Saturday, June 1, 2019

A Dark Kind of Art

"Luna mein hain no tension -trumpety music-
Chalane mein hain no tension -trumpety music-
Maintenance mein no more tension"
[Luna gives you no tension, in riding and in maintenance]

That's the one. Or something like it.

This was the first advertising jingle to find permanency in my head. A very humble two-wheeler, the 50 cc moped that was the Luna even gave its rider an option of pedalling to the next petrol station with its radical in-built cycle option. Back in its day, it wasn't without its quota of cool and the fact that my older brother, 11 years my senior, commanded one was no small matter of pride. This, I need not remind you, was in pre-liberalisation, single TV channel India.

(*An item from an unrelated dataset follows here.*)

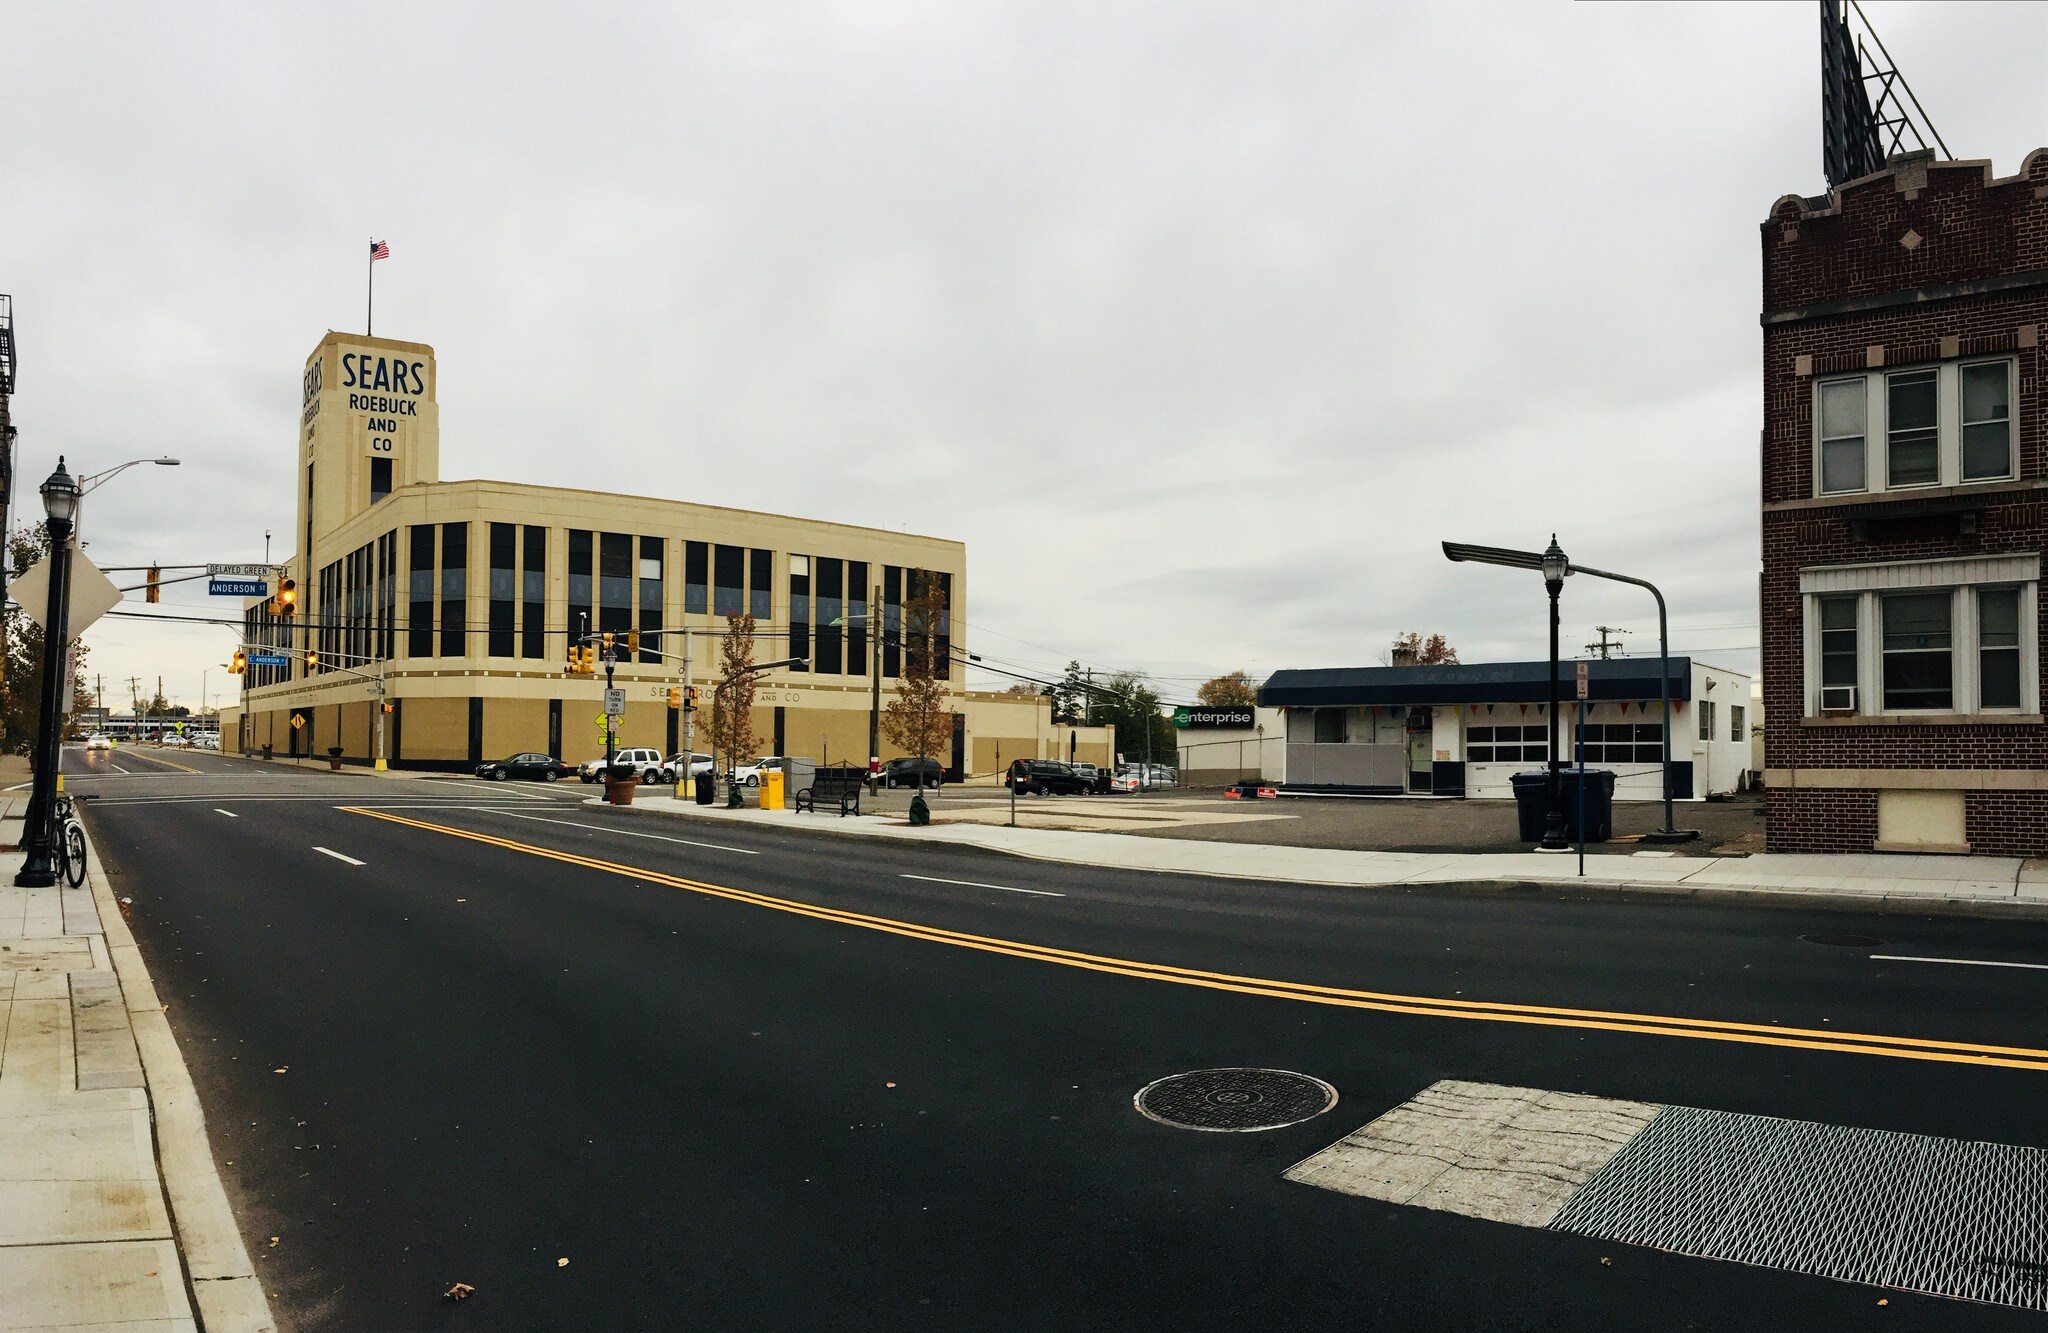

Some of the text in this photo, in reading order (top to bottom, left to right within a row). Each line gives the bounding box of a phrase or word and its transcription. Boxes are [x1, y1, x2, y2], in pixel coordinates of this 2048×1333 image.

To date, I am yet to ride the Luna except as a passenger (it was sold long before I reached riding age). I have had the unhappy and possibly unique experience of being dragged by one, knees scraping along the road, for a good 10-15 metres as a bump on the road dislodged me from the pillion seat and unlike Jack of Titanic fame, I refused to let go. I have also been sent flying by one, on a routine road crossing to catch the school bus, at a tender age (early primary school) when it was still physically feasible for a Luna to send me flying as it ran into me. The central message being that there is absolutely no reason for me to look upon it fondly but even then, that jingle... it never quite left me in the three decades since.

Advertising, at its dark core, is mass mind manipulation. It is designed to stamp an impression on impressionable minds and at its most nefarious, force us to buy things that we don't need at all. Want is created where there was none, greed where there was peace.

Be that as it may, advertising is also an outlet for storytelling which tries to tap into the moods of the time. The underlying wish to push their product notwithstanding, it is difficult not to appreciate the genuine effort put into channeling the right notes. 

The fruit drink company, Paper Boat, for example, seems to have mined that rich vein of nostalgia for those of us who remember a time when long railway journeys were a family institution, and a pocket-friendly adventure rolled into one (Read aforementioned 'Luna Days'). I wouldn't waste words on why these images work. They just do, and for that generation at which these ads are targeted, any explanation is superfluous.











I, for one, am yet to buy a Paper Boat product but I think the universe is a happier place if, after all the dust from the board-room meetings, sales targets and distribution networks has settled down, a creative managed to sneak out a story and a smile for someone who isn't even a customer.